Omitting the pictures, output all of the records precisely as written.

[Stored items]
# # #

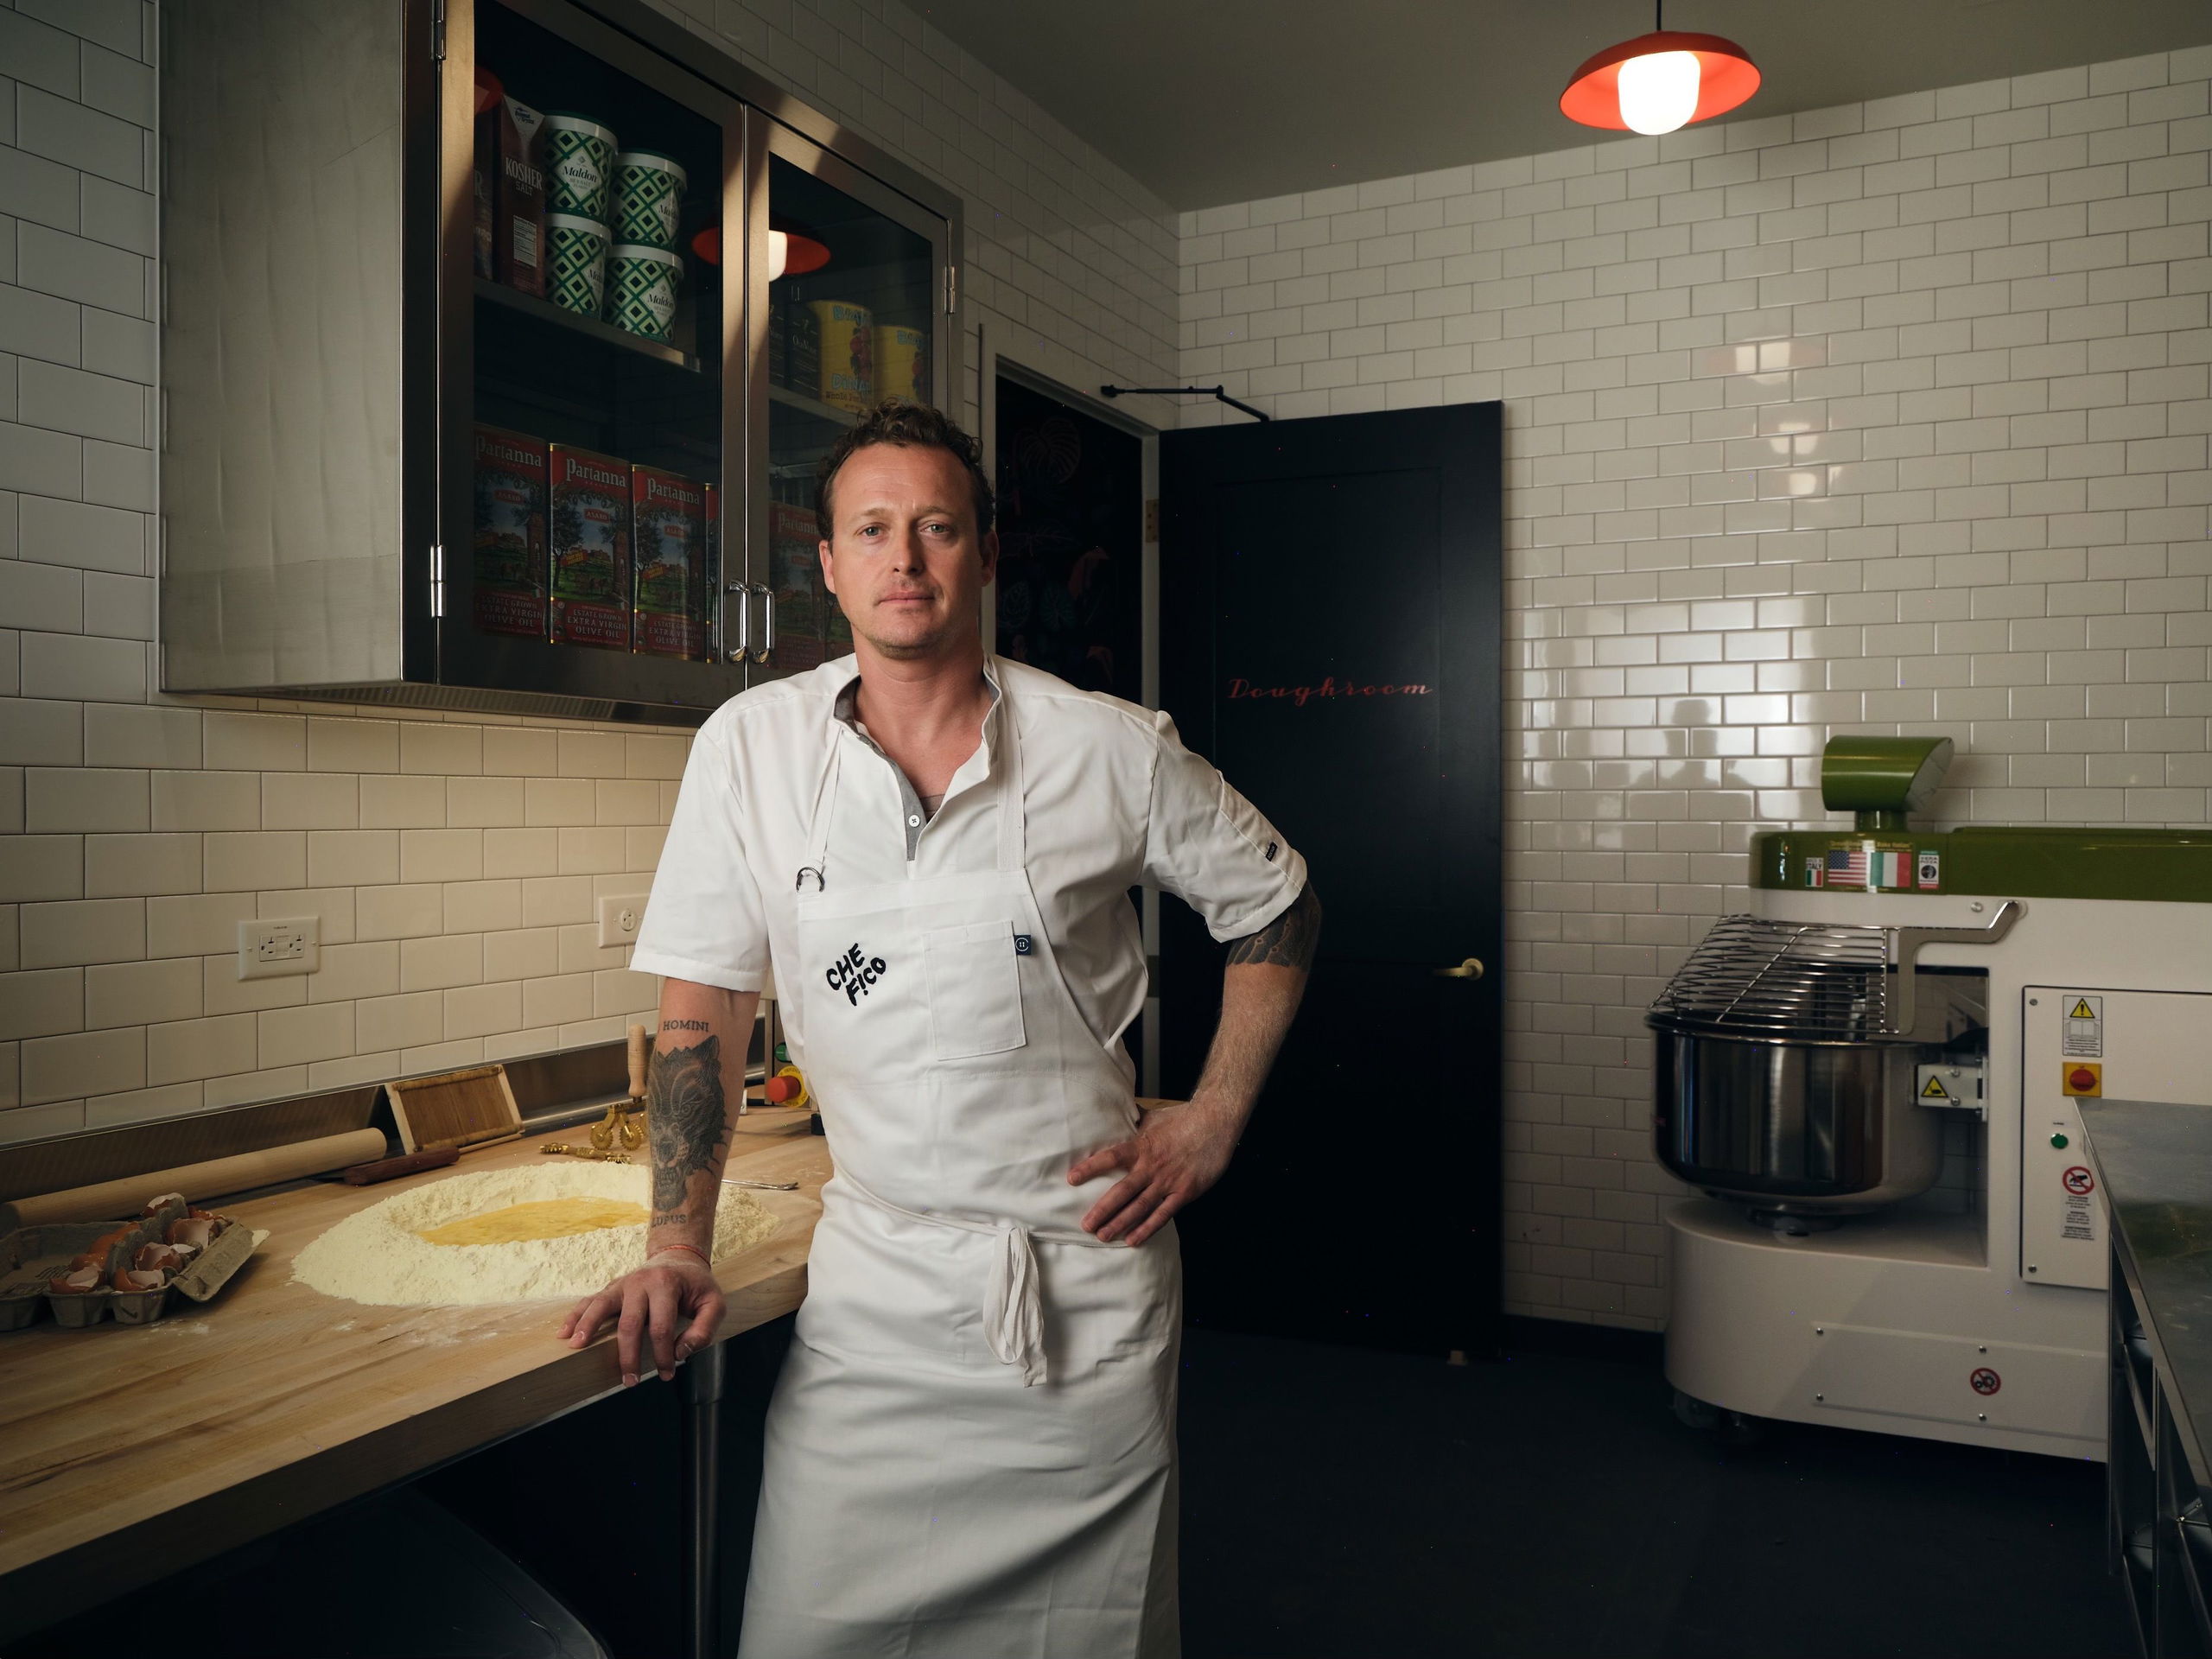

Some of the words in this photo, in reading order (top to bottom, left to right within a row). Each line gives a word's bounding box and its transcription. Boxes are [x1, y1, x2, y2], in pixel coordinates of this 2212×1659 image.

[505, 156, 543, 190] KOSHER
[563, 166, 597, 182] Maldon
[515, 181, 532, 196] SALT
[566, 458, 626, 487] Partanna
[647, 477, 700, 505] Partanna
[518, 617, 535, 628] OIL
[573, 609, 597, 619] ESTATE
[598, 612, 622, 621] GROWN
[567, 616, 596, 626] EXTRA
[599, 620, 626, 631] VIRGIN
[575, 626, 602, 637] OLIVE
[605, 628, 620, 639] OIL
[1226, 677, 1433, 707] Doughroom
[826, 943, 865, 990] CHE
[663, 1020, 709, 1033] HOMINI
[651, 1214, 687, 1228] LUPUS

# # #

## Result
Some of the words in this photo, in reading order (top to bottom, left to right within a row). Each line gives a word's bounding box and its transcription. Boxes are [x1, y1, x2, y2], in pixel coordinates of this 2212×1659 image.

[505, 156, 543, 190] KOSHER
[563, 166, 597, 182] Maldon
[515, 181, 532, 196] SALT
[566, 458, 626, 487] Partanna
[647, 477, 700, 505] Partanna
[518, 617, 535, 628] OIL
[573, 609, 597, 619] ESTATE
[598, 612, 622, 621] GROWN
[567, 616, 596, 626] EXTRA
[599, 620, 626, 631] VIRGIN
[575, 626, 602, 637] OLIVE
[605, 628, 620, 639] OIL
[1226, 677, 1433, 707] Doughroom
[826, 943, 865, 990] CHE
[663, 1020, 709, 1033] HOMINI
[651, 1214, 687, 1228] LUPUS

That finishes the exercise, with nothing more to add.